Sleep, glorious sleep. It’s not the case in the modern world to get as much sleep as our grandparents, or older generations did. We have too many distractions, from social media to the latest box set, to needing to work longer hours for what works out as less pay than 25 years ago. We also don’t do enough things to promote a good night’s sleep, we move a lot less, and obesity is constantly on the rise. These things are affecting our ability to rest properly and recharge our bodies. As more research is being put into sleeping, the recent results show that it is where we do all of our processing of the information we received that day. And it is the most effective way to recover physically. You may think that lacking in sleep is fine on occasion, say, just missing a couple of hours a night for a short period of time. In actual fact, if you slept 6 hours a night, just 2 hours less than the recommended amount, for two weeks, you are as fatigued as someone who has not slept for 48 hours! You need to find ways to prepare for a good and restful night’s sleep. Give the following a try and see how your quality of sleep improves dramatically.
Reduce The Amount Of Light Coming Into Your Room
Before the invention of electricity, we would go to sleep when it got dark. By adding some blackout blinds or sleeping with a sleep mask will help to mimic night time much better than your closed curtains will.

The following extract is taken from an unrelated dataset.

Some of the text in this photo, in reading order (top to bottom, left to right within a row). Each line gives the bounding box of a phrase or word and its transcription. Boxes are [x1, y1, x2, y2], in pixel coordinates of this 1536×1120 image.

There are breathing techniques to get you to sleep, and this is one of them (you won’t need to meditate or cleanse any auras before doing this). Breathe in for the count of four. Hold your breath for the count of seven. Then exhale for the count of eight. It might not work wonders straightaway but doing it twice a day for six weeks will show some great results.

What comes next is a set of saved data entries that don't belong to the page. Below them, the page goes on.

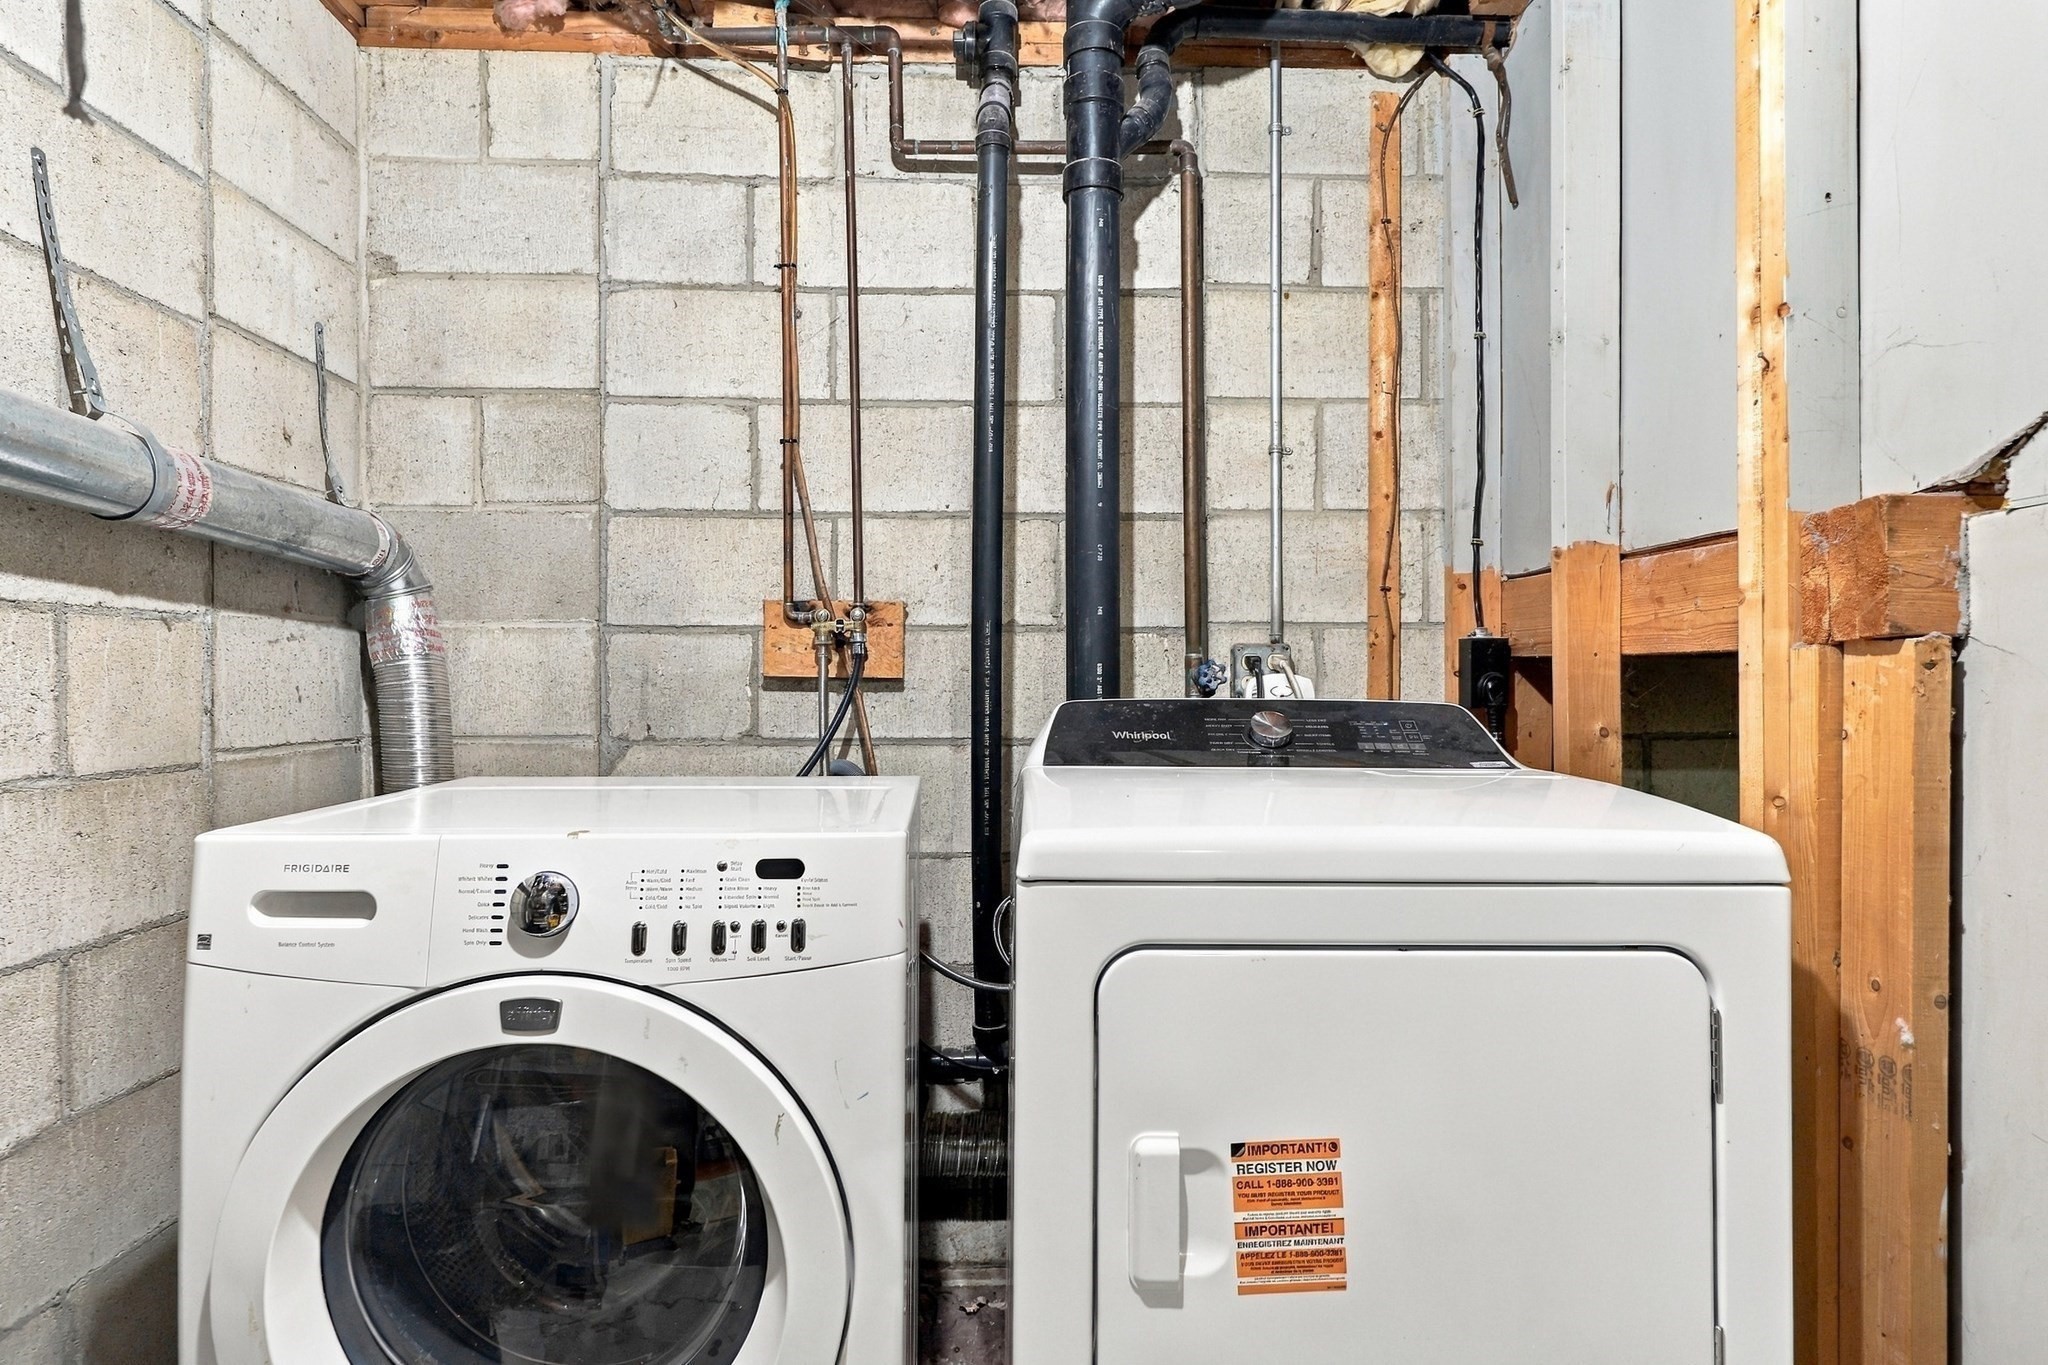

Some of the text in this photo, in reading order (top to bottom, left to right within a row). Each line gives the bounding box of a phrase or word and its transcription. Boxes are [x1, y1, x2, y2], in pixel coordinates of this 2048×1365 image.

[1112, 730, 1171, 741] Whirlpool
[284, 864, 350, 872] FRIGIDAIRE
[1247, 1142, 1326, 1156] IMPORTANT!
[1236, 1160, 1337, 1175] REGISTER NOW
[1236, 1180, 1264, 1190] CALL
[1245, 1223, 1334, 1237] IMPORTANTE!
[1238, 1238, 1344, 1248] ENREGISTREZ MAINTENANT
[1240, 1251, 1275, 1260] APPELEZ

If you have many hobbies but going to the gym isn’t one of them, it’s time to start. Exercising helps to reduce cortisol and increase endorphins, the feel-good hormone, which will set you up for slumber.
Take Off Your Clothes
If your body is cooler, it promotes a deeper state of sleep. Sleeping in a cool room (below 70 degrees Fahrenheit) helps the body to regulate its melatonin, which is a hormone produced to control our sleep cycles. Other ways to help your body get into a deep state of sleep is to have a cold shower two hours before bedtime to cool yourself down, and it also helps to reduce your cortisol levels, which is the stress hormone, relaxing you.
Make Your Bed As Comfy As Possible
Make Your Bed As Comfy As Possible
Sometimes it’s as simple as making sure every aspect of your bed is comfy enough. Having the best bed to promote a healthy night’s sleep, instead of a hand-me-down, will work wonders. If you’re tall, is the bed big enough to accommodate your height? Do you have enough room, width wise? The materials in your bed, such as the bed linen and the mattress, is the material “breathable?” In other words, does enough air get through? By choosing the right linen and materials, you are priming your bed to be as comfy as humanly possible.

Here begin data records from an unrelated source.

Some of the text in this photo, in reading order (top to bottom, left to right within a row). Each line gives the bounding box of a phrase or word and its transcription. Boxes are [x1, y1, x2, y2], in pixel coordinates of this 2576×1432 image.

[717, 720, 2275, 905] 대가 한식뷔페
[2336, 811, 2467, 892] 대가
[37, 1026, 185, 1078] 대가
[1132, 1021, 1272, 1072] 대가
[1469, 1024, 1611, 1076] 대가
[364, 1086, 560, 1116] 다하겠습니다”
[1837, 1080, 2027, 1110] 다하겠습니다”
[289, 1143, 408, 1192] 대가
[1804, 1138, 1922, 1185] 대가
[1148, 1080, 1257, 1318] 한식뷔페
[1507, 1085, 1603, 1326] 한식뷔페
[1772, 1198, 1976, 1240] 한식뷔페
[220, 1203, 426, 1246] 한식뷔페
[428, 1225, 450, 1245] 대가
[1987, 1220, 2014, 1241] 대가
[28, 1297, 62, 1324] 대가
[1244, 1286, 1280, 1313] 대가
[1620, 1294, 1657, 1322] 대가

No Screen Time Before Bed!
It is a common practice before bedtime, to chill out and look at our phones or tablets because it is a lot easier to pick up than a bulky book. But the blue light being emitted from those screens are suppressing our melatonin production, meaning that even if we get a good night’s sleep, it won’t be good quality. If you really need to stare at your screen, get an app, like F.Lux, which is a screen filter, changing the screen to a warmer color, and it’s free!
Make Sure You Have A Bedtime Routine
The issue with the amount of work we do in the modern world, we expect to be asleep as soon as our head hits the pillow, yet many people have a terrible sleep despite the amount of exhausting work they do. A supplement like magnesium will help you to sleep better, but for the majority of us, we need to create a good bedtime routine to get us into a relaxed state. Start with things that relax you, rather than stimulate your brain, like relaxing music, a bath with Epsom salts, or a cup of chamomile tea.